6. Scale-out deployment

The modular deployment has split the three major components into dedicated servers, but still each machine hosts the only copy of each component. In this chapter, we will see how it’s possible to add high availability to the different components.

6.1 SQL Clustering

Let’s start with the SQL database. The way we can add resiliency to it is by leveraging SQL Clustering technologies. Thanks to this, we can make our VAC database fully redundant. We will add a second SQL server, and we will then join the existing one as a member of the cluster:

SQL Clustering for VAC

NOTE: we removed Cloud Connect and the Domain Controller to make the image more clear and focus on the VAC design. Remember that those two components as still there.

In this document, we will show explain the use case where the existing SQL Server 2016 standalone is upgraded to a SQL Server 2016 Always-On Availability Group. There are other possible design choices, depending on your requirements, SQL knowledge, licensing costs. VAC service ultimately needs to connect to a Microsoft SQL database, regardless where it is stored.

There are also several resources where we can learn how to build a SQL Cluster using Always-On Availability Groups, but we believe it’s convenient nonetheless to explain the needed steps:

  1. install Failover Clustering feature into both servers;

  2. open Failover Cluster Manager and click on Validate Configuration. You can validate both servers with one single operation:

    Validate Failover Clustering

    Select to run all tests and wait for the validation to be completed. There may be some warnings, but the overall result should be “Validated” for both nodes.

  3. Choose the option “Create the cluster now using the validated nodes” and close the wizard, to start the new wizard that creates the cluster.

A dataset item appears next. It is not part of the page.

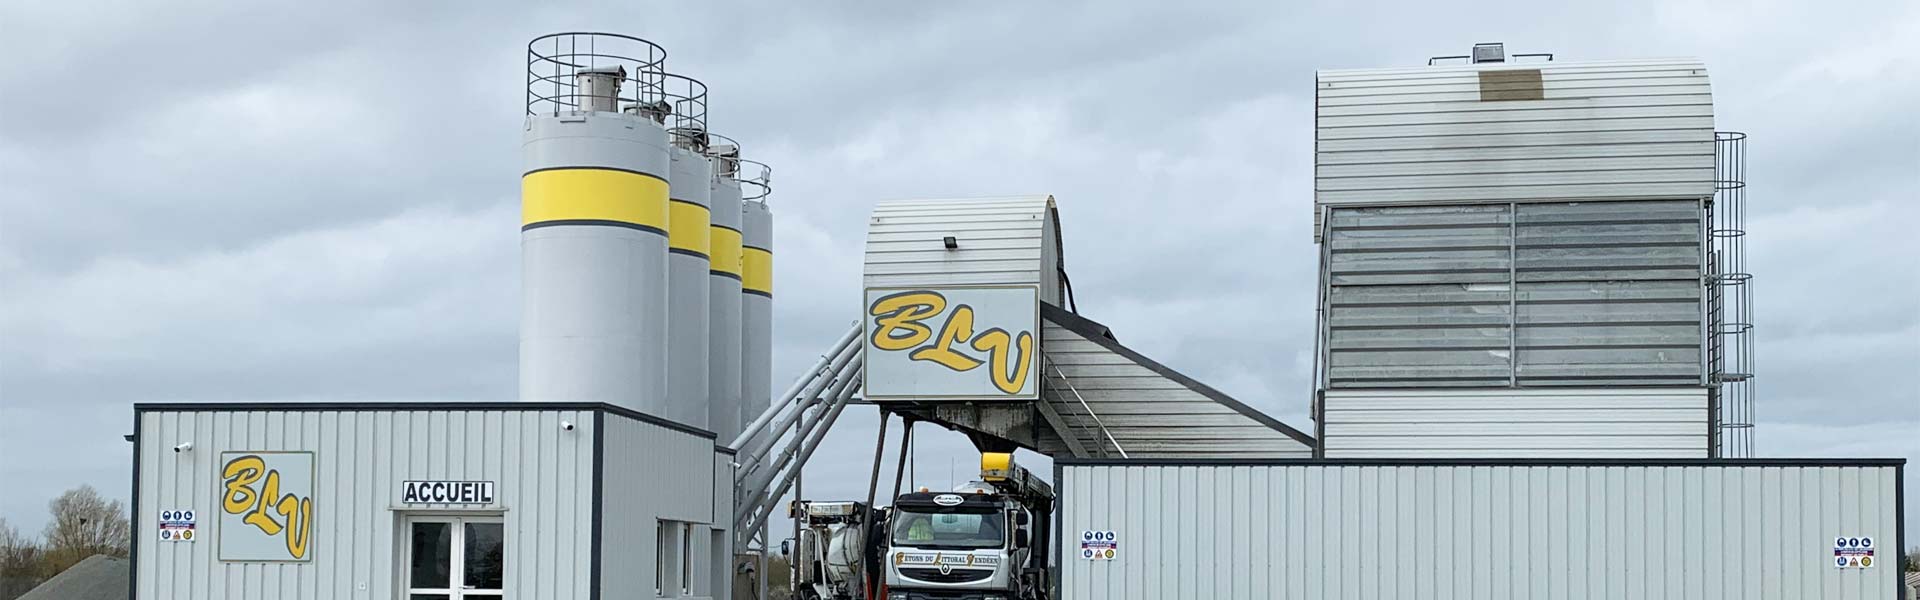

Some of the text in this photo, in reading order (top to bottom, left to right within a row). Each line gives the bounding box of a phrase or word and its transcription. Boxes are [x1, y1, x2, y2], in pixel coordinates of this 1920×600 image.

  4. Give a name and an IP address to the cluster:

    Cluster access point

    When the wizard is completed, the cluster is up and running, and for example we can already ping sqlsrv.

  5. Right click on the cluster, select More Actions -> Configure Cluster Quorum Settings. Choose one of the options and complete the configuration.

  6. Create a new dedicated user for SQL Server, if you didn’t before. This account will be used to execute the service on both cluster nodes. I have created srv_sql.

  7. Edit the SQL Service properties in sql01 (the server created for the modular deployment) and have it executed using the dedicated account we created on Step 6:

    Run SQL with a dedicated service account

  8. on sql02, run a new installation of a standalone SQL Server 2016. The options you need to care about are Instance root directory where we use a dedicated disk (E: in my case), Instance name where we set it as SQL02, and the service account for SQL Server Database Engine where we configure the same account we used in Step 7. Complete the installation.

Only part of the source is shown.